- John Henry Hammond (1871–1949)
- Born: April 15, 1871 Louisville, Kentucky, U.S.
- Died: June 28, 1949 (aged 78)
- Occupations: Lawyer, financier, legal author
- Spouse: Emily Vanderbilt Sloane
- Children: John Henry Hammond Jr.
- Parent(s): John Henry Hammond Sophia Vernon Wolfe

= John Henry Hammond (lawyer) =

American lawyer, financier, and legal author (1871–1949)

John Henry Hammond (April 15, 1871 – June 28, 1949) was an American lawyer, financier, and legal author active in New York during the late nineteenth and early twentieth centuries. He practiced corporate law, served in banking and advisory roles, and authored early twentieth-century works on the taxation of business corporations in New York State.

He was the husband of Emily Vanderbilt Sloane, the son of John Henry Hammond (Union Army officer), the brother of Ogden Hammond and the father of record producer John Henry Hammond Jr.

== Early life and education ==

Hammond was born in Louisville, Kentucky, the son of Union Army General John Henry Hammond and Sophia Vernon Wolfe, daughter of Kentucky Attorney General Nathaniel Wolfe.

He was raised in St. Paul, Minnesota. He attended Phillips Exeter Academy, graduated from Yale University in 1891, and received an LL.B. from Columbia Law School in 1895.

== Legal career ==

Hammond was admitted to the New York bar and practiced corporate law in New York City. His work included representation of railroad and industrial interests during a period of economic expansion.

In 1901 he authored Taxation of Business Corporations in New York State, a comprehensive treatment of franchise taxes and corporate taxation law in New York, published by Baker, Voorhis & Company.

He also published A Supplement to Hammond on Taxation of Business Corporations in the State of New York later that year, addressing statutory amendments and appellate decisions affecting corporate taxation.

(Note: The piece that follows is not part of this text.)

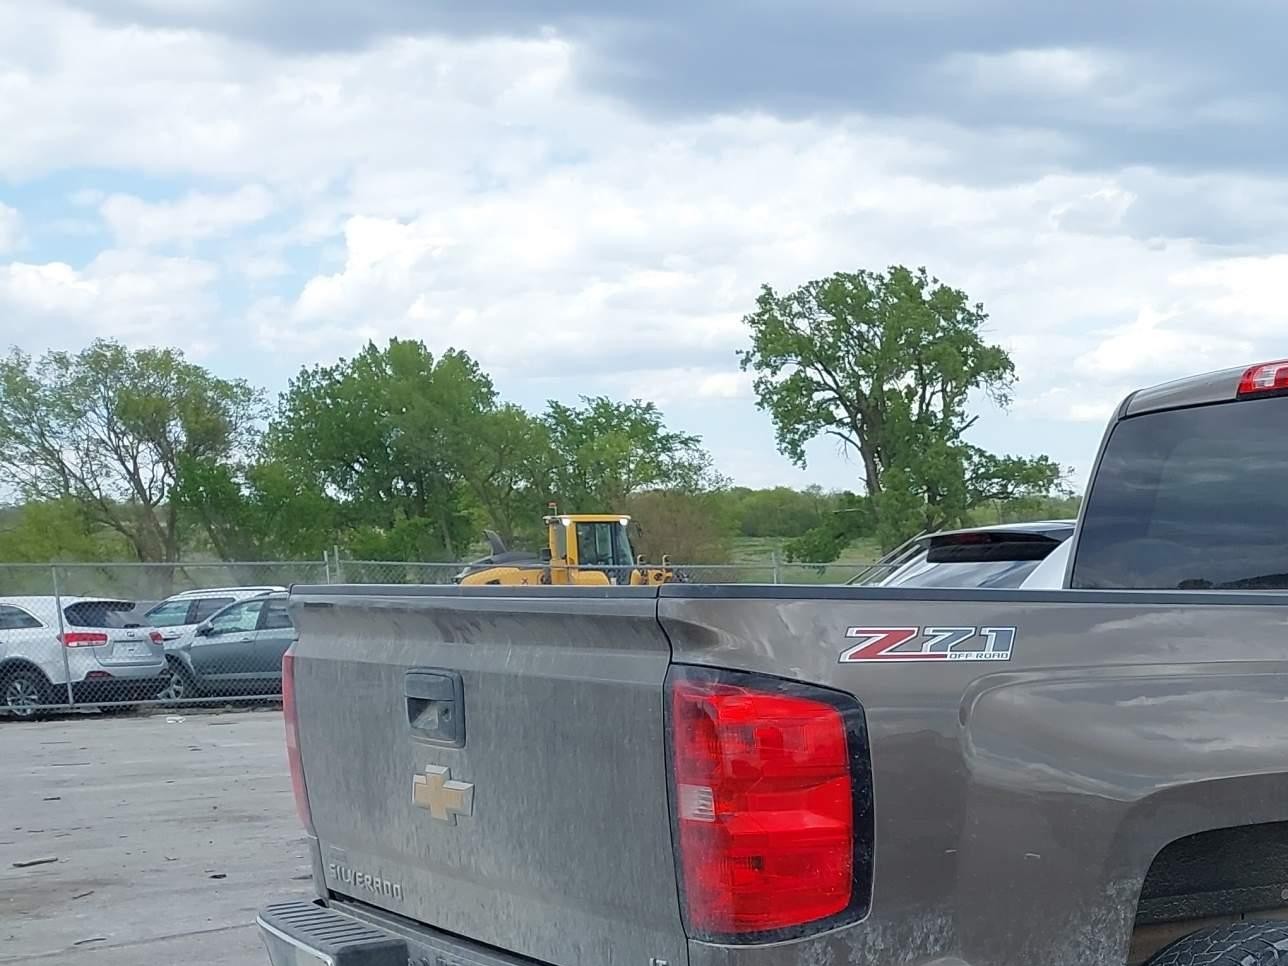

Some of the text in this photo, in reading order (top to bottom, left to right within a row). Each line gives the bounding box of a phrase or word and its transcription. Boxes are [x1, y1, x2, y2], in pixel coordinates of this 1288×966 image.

[839, 626, 1017, 664] Z71
[950, 652, 1010, 660] OFF ROAD
[329, 863, 403, 901] SILVERADO

Copies of his works are held in major law libraries, including the Harvard Law Library.

Contemporary accounts described him as a banker and former state legal aide.

== Marriage and family ==

Hammond married Emily Sloan Vanderbilt, daughter of William Douglas Sloane and Emily Thorn Vanderbilt, on April 5, 1899, at St. Bartholomew's Episcopal Church in New York City. The wedding received widespread press coverage.

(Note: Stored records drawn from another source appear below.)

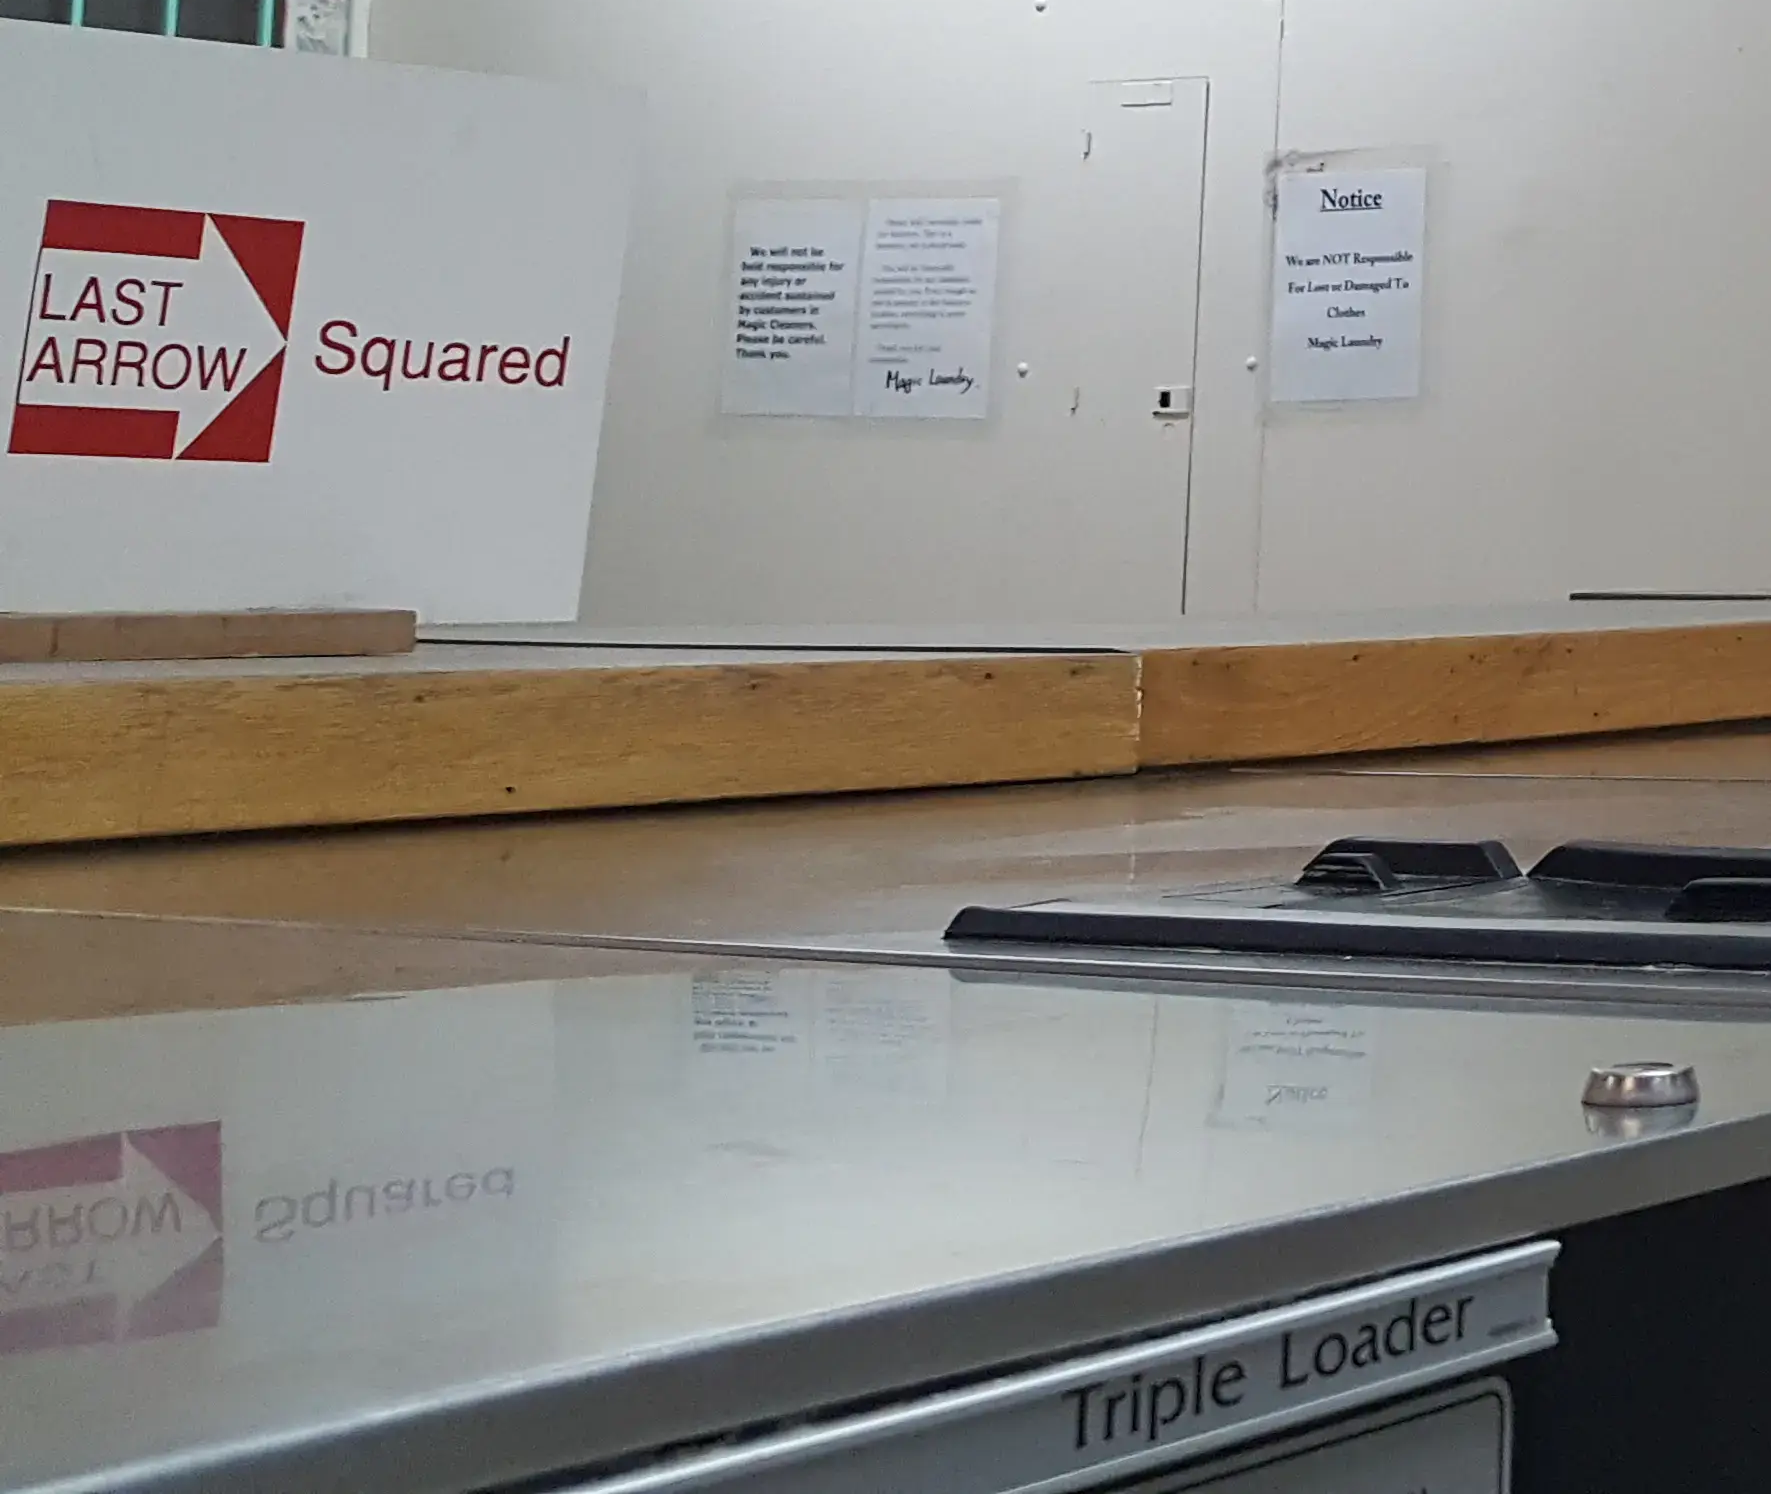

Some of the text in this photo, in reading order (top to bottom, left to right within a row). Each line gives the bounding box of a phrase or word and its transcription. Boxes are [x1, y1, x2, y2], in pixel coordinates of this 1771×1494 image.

[1320, 188, 1383, 211] Notice
[1286, 255, 1304, 266] We
[1323, 253, 1350, 266] NOT
[1353, 251, 1413, 267] Responsible
[761, 275, 792, 288] injury
[1288, 282, 1305, 294] For
[1344, 277, 1392, 293] Damaged
[1393, 277, 1409, 290] To
[38, 273, 183, 327] LAST
[739, 290, 836, 302] accident sustained
[753, 304, 807, 316] customers
[1326, 306, 1366, 318] Clothes
[738, 319, 766, 332] Magic
[736, 334, 770, 345] Please
[1307, 334, 1384, 350] Magic Laundry
[314, 319, 571, 392] Squared
[26, 336, 248, 392] ARROW
[885, 370, 923, 393] Magic
[1062, 1294, 1476, 1451] Triple Loader

One regional newspaper headline characterized the union as "To Marry a Poor Man," reflecting contemporary perceptions of the financial disparity between the Vanderbilt and Hammond families.

In his autobiography Hammond on Record, their son, John Henry Hammond Jr. (1910–1987), who became an influential record producer associated with Columbia Records, later wrote of the difference in wealth between the families, remarking that “The Hammonds never had money. They married it.”

== Residence ==

After their marriage, Hammond and his family resided at 9 East 91st Street in Manhattan, in the townhouse later known as the John Henry Hammond House. The residence later became historically notable and has served as the Russian Consulate in New York.

In later years Hammond maintained a country farm residence known as “Dellwood” in Armonk, New York where he bred award-winning cattle while continuing his law practice.

Following John Henry Hammond's death in 1949, his widow, Emily Vanderbilt Sloane, donated their Westchester County estate to the Moral Re-Armament movement. The property was given for use as a conference and training center for the organization's activities.

== Later life and death ==

Hammond died on June 28, 1949. A full obituary appeared in The New York Times the following day.